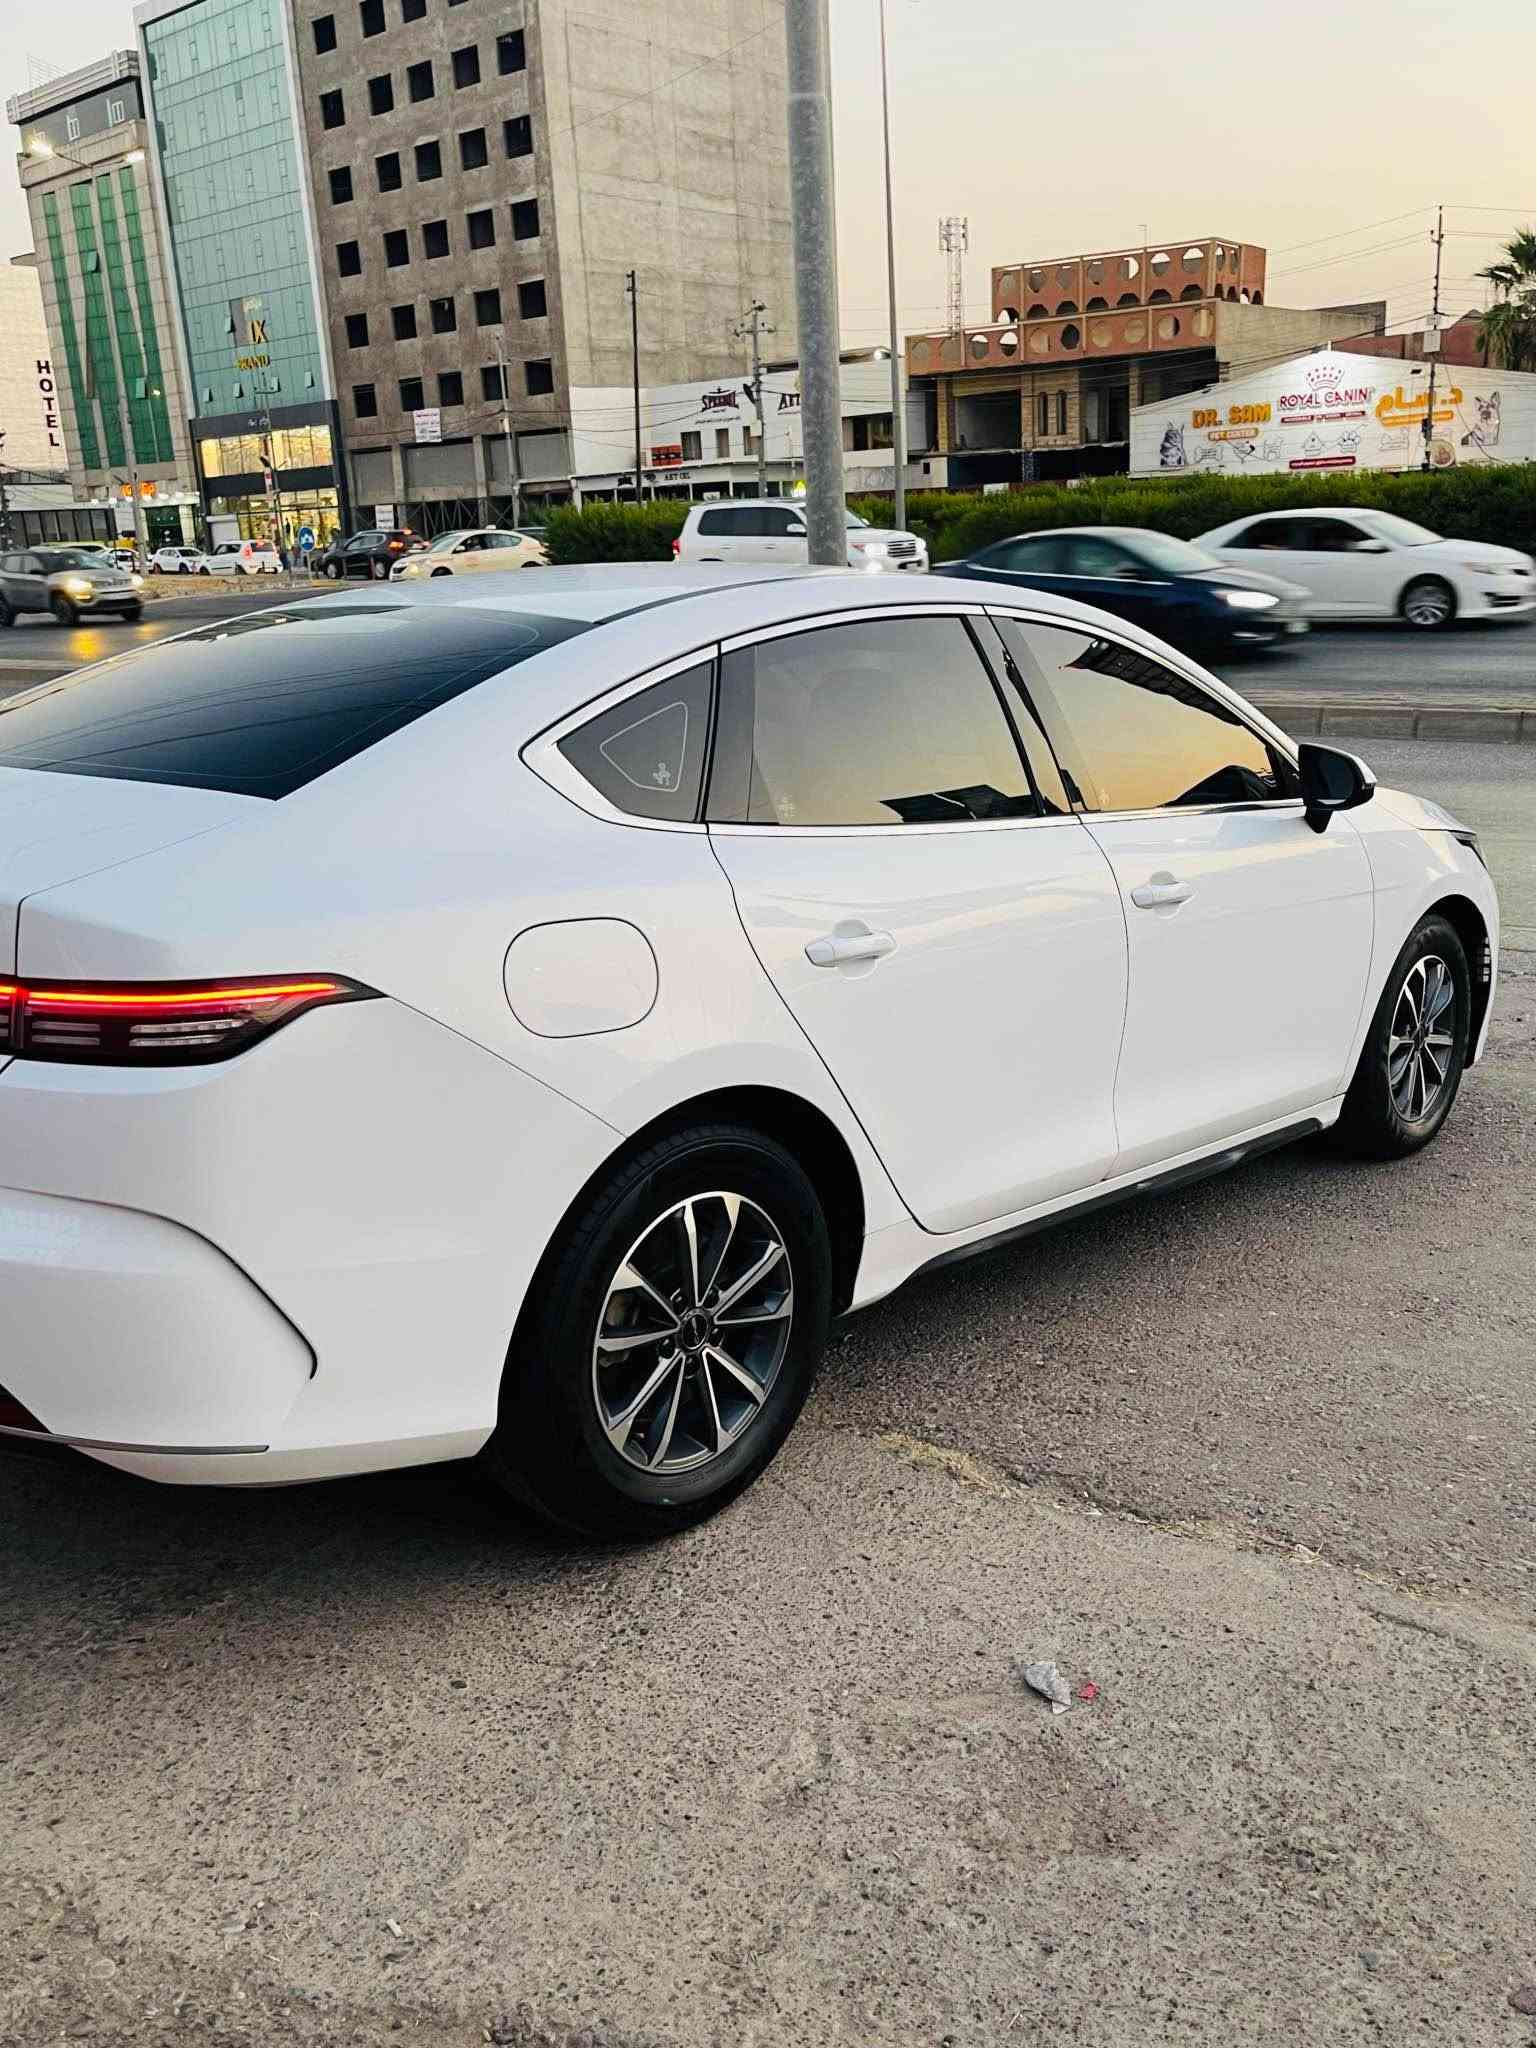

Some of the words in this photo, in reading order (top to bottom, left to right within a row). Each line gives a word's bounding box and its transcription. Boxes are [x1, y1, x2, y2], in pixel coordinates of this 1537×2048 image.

[36, 359, 60, 447] HOTEL
[1280, 392, 1321, 407] ROYAL
[1324, 387, 1368, 404] CANIN
[1229, 403, 1272, 425] SAM

What is expected ::
When you copy the entries above, keep every word exactly and omit the images.

Your response ::
Some of the words in this photo, in reading order (top to bottom, left to right within a row). Each line gives a word's bounding box and its transcription. Boxes are [x1, y1, x2, y2], in pixel coordinates of this 1537×2048 image.

[36, 359, 60, 447] HOTEL
[1280, 392, 1321, 407] ROYAL
[1324, 387, 1368, 404] CANIN
[1229, 403, 1272, 425] SAM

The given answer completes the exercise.